» YOUR OBJECTIVE
Transcribe the records word for word, leaving nothing out.

» RECORDS SUPPLIED

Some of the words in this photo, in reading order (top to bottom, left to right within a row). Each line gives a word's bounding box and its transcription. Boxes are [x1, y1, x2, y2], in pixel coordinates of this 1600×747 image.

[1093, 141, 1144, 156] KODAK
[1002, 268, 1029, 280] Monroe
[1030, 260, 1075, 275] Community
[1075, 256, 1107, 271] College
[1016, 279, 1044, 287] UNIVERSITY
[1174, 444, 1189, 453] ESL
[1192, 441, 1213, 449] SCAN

» SOLVED EXERCISE
Some of the words in this photo, in reading order (top to bottom, left to right within a row). Each line gives a word's bounding box and its transcription. Boxes are [x1, y1, x2, y2], in pixel coordinates of this 1600×747 image.

[1093, 141, 1144, 156] KODAK
[1002, 268, 1029, 280] Monroe
[1030, 260, 1075, 275] Community
[1075, 256, 1107, 271] College
[1016, 279, 1044, 287] UNIVERSITY
[1174, 444, 1189, 453] ESL
[1192, 441, 1213, 449] SCAN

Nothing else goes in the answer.